[Information provided]
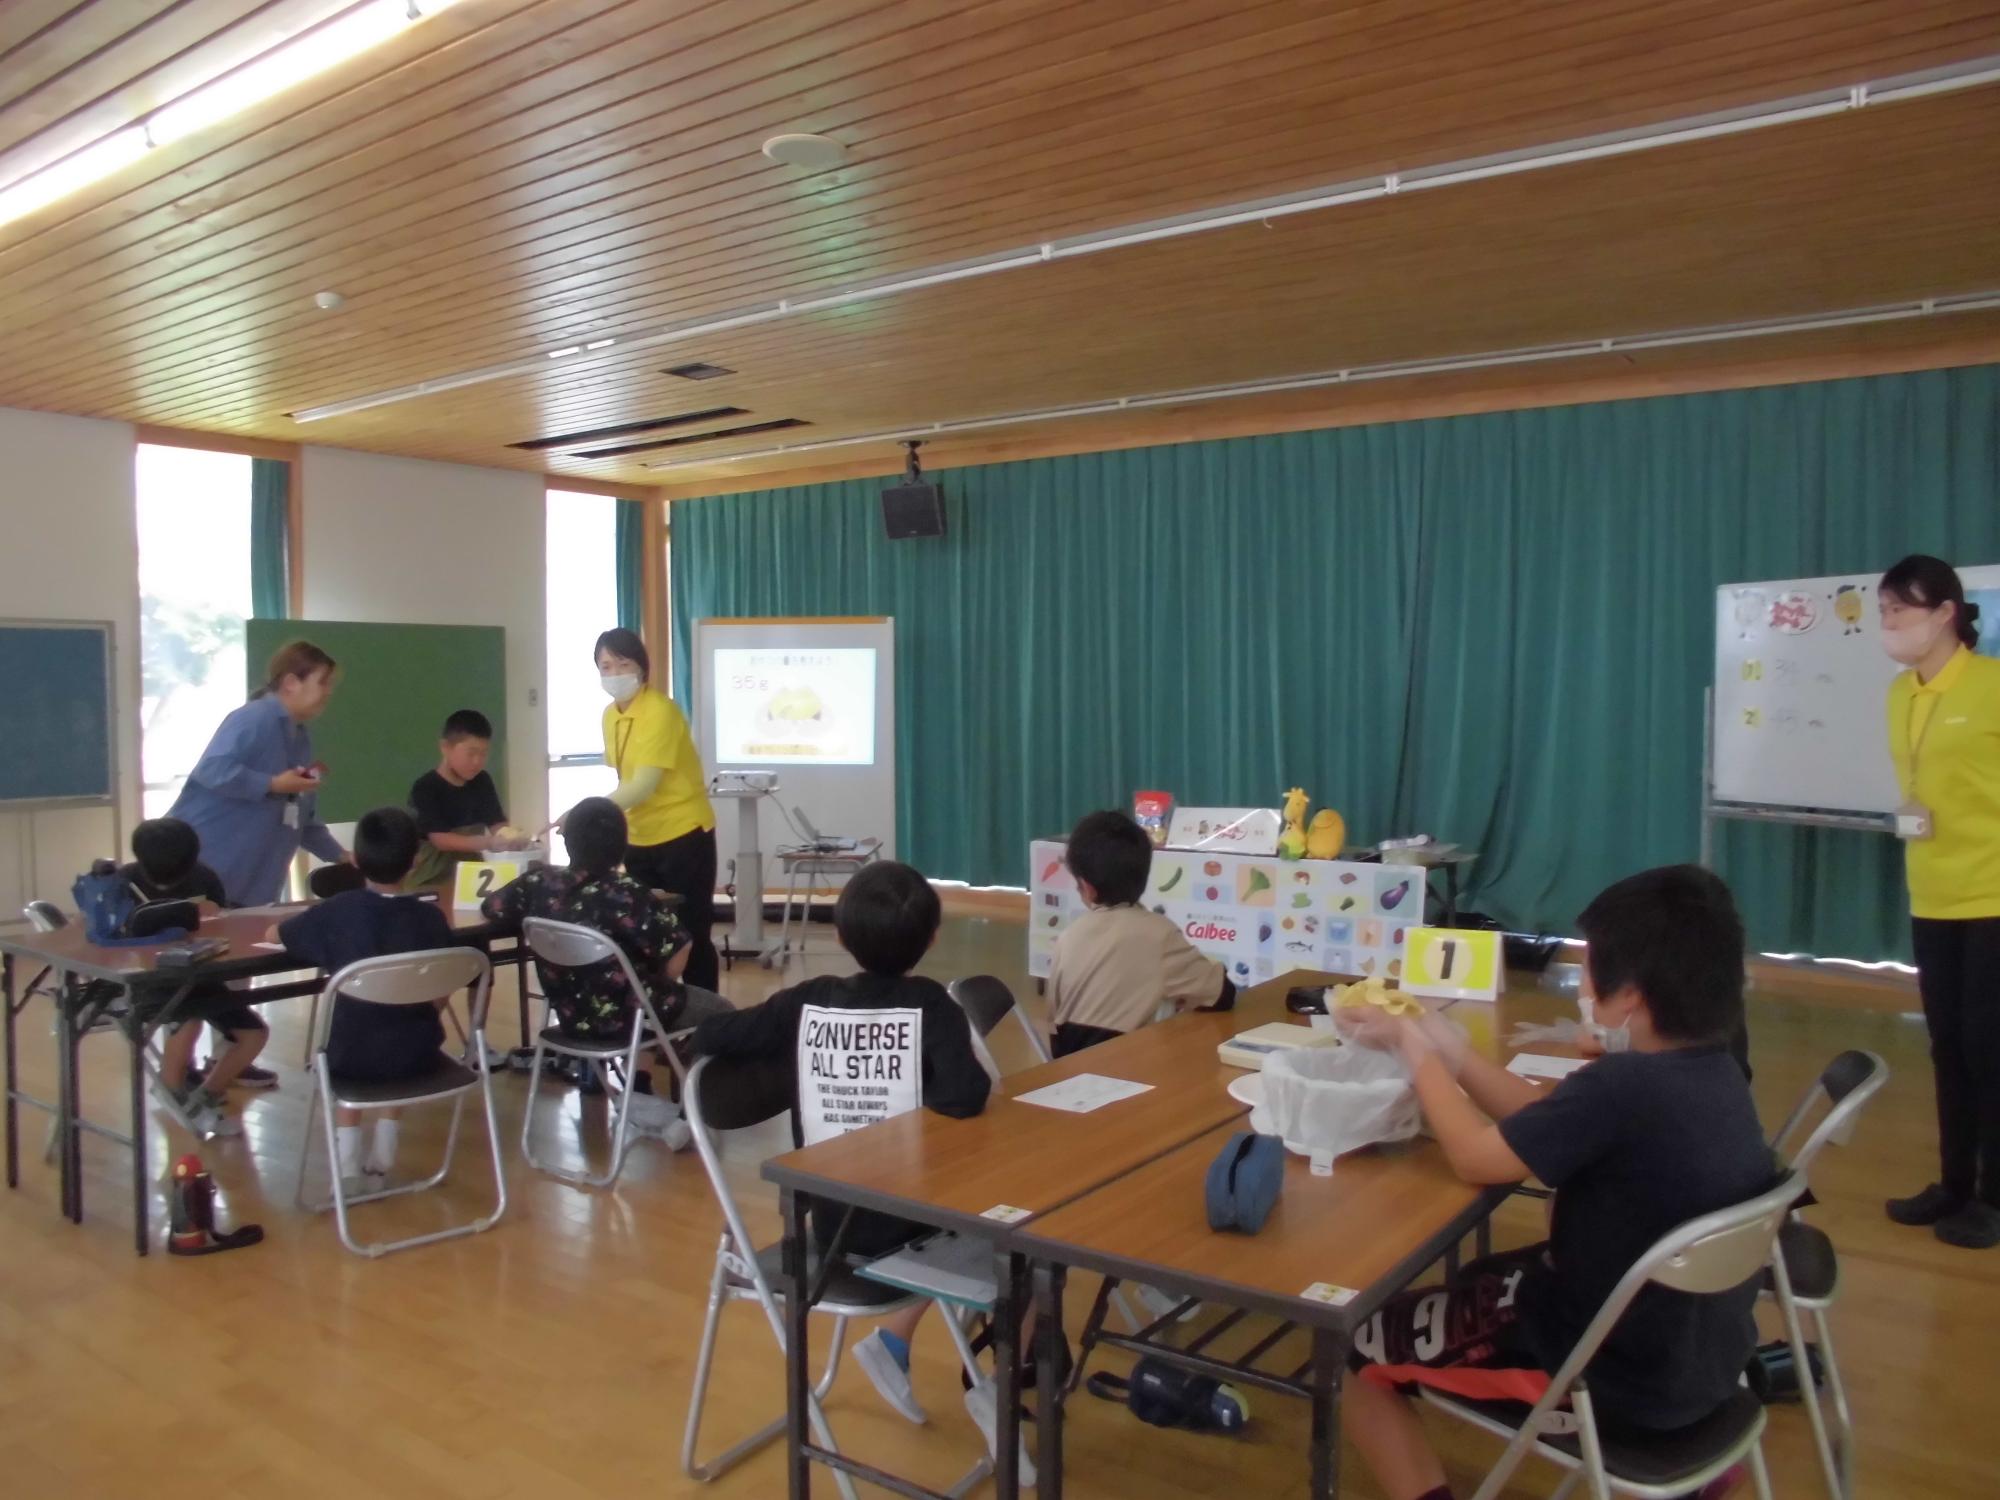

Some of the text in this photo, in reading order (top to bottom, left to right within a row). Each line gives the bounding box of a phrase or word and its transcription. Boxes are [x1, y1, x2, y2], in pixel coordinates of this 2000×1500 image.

[476, 869, 495, 897] 2
[1186, 921, 1236, 942] Calbee
[1440, 941, 1456, 979] 1
[806, 1020, 909, 1050] CONVERSE
[810, 1052, 901, 1080] ALL STAR
[817, 1083, 889, 1096] THE CHUCK TAYLOR
[822, 1099, 887, 1111] ALL STAR ALWAYS
[824, 1114, 840, 1123] HAS

[Work request]
Without changing a single word, set down all of the material again and leave out its pictures.

[Task result]
Some of the text in this photo, in reading order (top to bottom, left to right within a row). Each line gives the bounding box of a phrase or word and its transcription. Boxes are [x1, y1, x2, y2], in pixel coordinates of this 2000×1500 image.

[476, 869, 495, 897] 2
[1186, 921, 1236, 942] Calbee
[1440, 941, 1456, 979] 1
[806, 1020, 909, 1050] CONVERSE
[810, 1052, 901, 1080] ALL STAR
[817, 1083, 889, 1096] THE CHUCK TAYLOR
[822, 1099, 887, 1111] ALL STAR ALWAYS
[824, 1114, 840, 1123] HAS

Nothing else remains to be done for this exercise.